**Your instructions**
Copy out the records again. Change nothing.

Text-to-region grounding data
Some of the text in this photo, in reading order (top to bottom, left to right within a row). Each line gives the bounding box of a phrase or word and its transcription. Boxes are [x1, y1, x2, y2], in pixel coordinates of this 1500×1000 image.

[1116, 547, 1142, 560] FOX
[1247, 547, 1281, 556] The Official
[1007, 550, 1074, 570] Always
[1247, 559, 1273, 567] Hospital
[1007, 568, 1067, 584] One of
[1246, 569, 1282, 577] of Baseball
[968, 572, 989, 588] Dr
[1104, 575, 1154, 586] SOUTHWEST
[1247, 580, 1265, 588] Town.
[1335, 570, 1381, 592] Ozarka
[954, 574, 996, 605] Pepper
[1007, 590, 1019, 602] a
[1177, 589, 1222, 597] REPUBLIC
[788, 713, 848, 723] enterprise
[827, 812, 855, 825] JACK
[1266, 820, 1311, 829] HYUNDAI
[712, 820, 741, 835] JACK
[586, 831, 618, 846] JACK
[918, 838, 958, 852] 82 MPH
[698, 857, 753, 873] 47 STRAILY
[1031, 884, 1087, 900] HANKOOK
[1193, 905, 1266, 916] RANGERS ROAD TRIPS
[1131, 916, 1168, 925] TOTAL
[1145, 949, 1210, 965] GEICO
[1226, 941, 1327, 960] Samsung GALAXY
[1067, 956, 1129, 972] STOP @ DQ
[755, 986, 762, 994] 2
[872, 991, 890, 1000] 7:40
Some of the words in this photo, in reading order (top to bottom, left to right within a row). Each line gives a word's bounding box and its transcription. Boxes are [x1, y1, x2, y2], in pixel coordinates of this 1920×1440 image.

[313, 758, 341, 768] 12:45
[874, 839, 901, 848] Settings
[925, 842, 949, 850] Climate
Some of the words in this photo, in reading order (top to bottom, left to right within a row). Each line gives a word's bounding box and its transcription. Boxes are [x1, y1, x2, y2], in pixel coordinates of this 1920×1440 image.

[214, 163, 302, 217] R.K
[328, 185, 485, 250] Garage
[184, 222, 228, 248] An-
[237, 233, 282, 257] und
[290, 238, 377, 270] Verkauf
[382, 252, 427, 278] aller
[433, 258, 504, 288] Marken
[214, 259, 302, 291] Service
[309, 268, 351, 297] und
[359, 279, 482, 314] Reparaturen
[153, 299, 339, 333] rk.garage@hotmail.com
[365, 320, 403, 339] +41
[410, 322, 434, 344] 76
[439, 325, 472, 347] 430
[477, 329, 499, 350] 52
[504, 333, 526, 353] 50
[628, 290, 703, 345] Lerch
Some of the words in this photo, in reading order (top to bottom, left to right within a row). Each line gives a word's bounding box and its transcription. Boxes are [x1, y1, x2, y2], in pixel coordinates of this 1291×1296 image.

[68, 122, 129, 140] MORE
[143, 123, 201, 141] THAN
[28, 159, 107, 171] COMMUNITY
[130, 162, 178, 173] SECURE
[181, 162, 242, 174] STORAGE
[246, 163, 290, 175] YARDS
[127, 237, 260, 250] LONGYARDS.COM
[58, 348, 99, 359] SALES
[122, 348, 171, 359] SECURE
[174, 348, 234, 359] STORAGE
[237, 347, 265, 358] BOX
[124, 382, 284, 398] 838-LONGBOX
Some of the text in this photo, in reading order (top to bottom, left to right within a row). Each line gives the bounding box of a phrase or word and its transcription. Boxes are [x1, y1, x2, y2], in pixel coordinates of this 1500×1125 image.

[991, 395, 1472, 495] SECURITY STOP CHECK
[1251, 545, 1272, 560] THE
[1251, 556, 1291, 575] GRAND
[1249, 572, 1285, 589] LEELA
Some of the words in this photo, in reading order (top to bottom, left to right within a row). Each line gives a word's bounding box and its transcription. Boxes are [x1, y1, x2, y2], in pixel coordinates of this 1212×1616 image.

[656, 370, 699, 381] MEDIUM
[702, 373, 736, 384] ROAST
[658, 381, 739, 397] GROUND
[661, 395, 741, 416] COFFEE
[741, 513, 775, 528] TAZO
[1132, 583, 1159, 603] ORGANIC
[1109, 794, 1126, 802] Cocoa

**Answer section**
Some of the text in this photo, in reading order (top to bottom, left to right within a row). Each line gives the bounding box of a phrase or word and its transcription. Boxes are [x1, y1, x2, y2], in pixel coordinates of this 1500×1000 image.

[1116, 547, 1142, 560] FOX
[1247, 547, 1281, 556] The Official
[1007, 550, 1074, 570] Always
[1247, 559, 1273, 567] Hospital
[1007, 568, 1067, 584] One of
[1246, 569, 1282, 577] of Baseball
[968, 572, 989, 588] Dr
[1104, 575, 1154, 586] SOUTHWEST
[1247, 580, 1265, 588] Town.
[1335, 570, 1381, 592] Ozarka
[954, 574, 996, 605] Pepper
[1007, 590, 1019, 602] a
[1177, 589, 1222, 597] REPUBLIC
[788, 713, 848, 723] enterprise
[827, 812, 855, 825] JACK
[1266, 820, 1311, 829] HYUNDAI
[712, 820, 741, 835] JACK
[586, 831, 618, 846] JACK
[918, 838, 958, 852] 82 MPH
[698, 857, 753, 873] 47 STRAILY
[1031, 884, 1087, 900] HANKOOK
[1193, 905, 1266, 916] RANGERS ROAD TRIPS
[1131, 916, 1168, 925] TOTAL
[1145, 949, 1210, 965] GEICO
[1226, 941, 1327, 960] Samsung GALAXY
[1067, 956, 1129, 972] STOP @ DQ
[755, 986, 762, 994] 2
[872, 991, 890, 1000] 7:40
Some of the words in this photo, in reading order (top to bottom, left to right within a row). Each line gives a word's bounding box and its transcription. Boxes are [x1, y1, x2, y2], in pixel coordinates of this 1920×1440 image.

[313, 758, 341, 768] 12:45
[874, 839, 901, 848] Settings
[925, 842, 949, 850] Climate
Some of the words in this photo, in reading order (top to bottom, left to right within a row). Each line gives a word's bounding box and its transcription. Boxes are [x1, y1, x2, y2], in pixel coordinates of this 1920×1440 image.

[214, 163, 302, 217] R.K
[328, 185, 485, 250] Garage
[184, 222, 228, 248] An-
[237, 233, 282, 257] und
[290, 238, 377, 270] Verkauf
[382, 252, 427, 278] aller
[433, 258, 504, 288] Marken
[214, 259, 302, 291] Service
[309, 268, 351, 297] und
[359, 279, 482, 314] Reparaturen
[153, 299, 339, 333] rk.garage@hotmail.com
[365, 320, 403, 339] +41
[410, 322, 434, 344] 76
[439, 325, 472, 347] 430
[477, 329, 499, 350] 52
[504, 333, 526, 353] 50
[628, 290, 703, 345] Lerch
Some of the words in this photo, in reading order (top to bottom, left to right within a row). Each line gives a word's bounding box and its transcription. Boxes are [x1, y1, x2, y2], in pixel coordinates of this 1291×1296 image.

[68, 122, 129, 140] MORE
[143, 123, 201, 141] THAN
[28, 159, 107, 171] COMMUNITY
[130, 162, 178, 173] SECURE
[181, 162, 242, 174] STORAGE
[246, 163, 290, 175] YARDS
[127, 237, 260, 250] LONGYARDS.COM
[58, 348, 99, 359] SALES
[122, 348, 171, 359] SECURE
[174, 348, 234, 359] STORAGE
[237, 347, 265, 358] BOX
[124, 382, 284, 398] 838-LONGBOX
Some of the text in this photo, in reading order (top to bottom, left to right within a row). Each line gives the bounding box of a phrase or word and its transcription. Boxes are [x1, y1, x2, y2], in pixel coordinates of this 1500×1125 image.

[991, 395, 1472, 495] SECURITY STOP CHECK
[1251, 545, 1272, 560] THE
[1251, 556, 1291, 575] GRAND
[1249, 572, 1285, 589] LEELA
Some of the words in this photo, in reading order (top to bottom, left to right within a row). Each line gives a word's bounding box and its transcription. Boxes are [x1, y1, x2, y2], in pixel coordinates of this 1212×1616 image.

[656, 370, 699, 381] MEDIUM
[702, 373, 736, 384] ROAST
[658, 381, 739, 397] GROUND
[661, 395, 741, 416] COFFEE
[741, 513, 775, 528] TAZO
[1132, 583, 1159, 603] ORGANIC
[1109, 794, 1126, 802] Cocoa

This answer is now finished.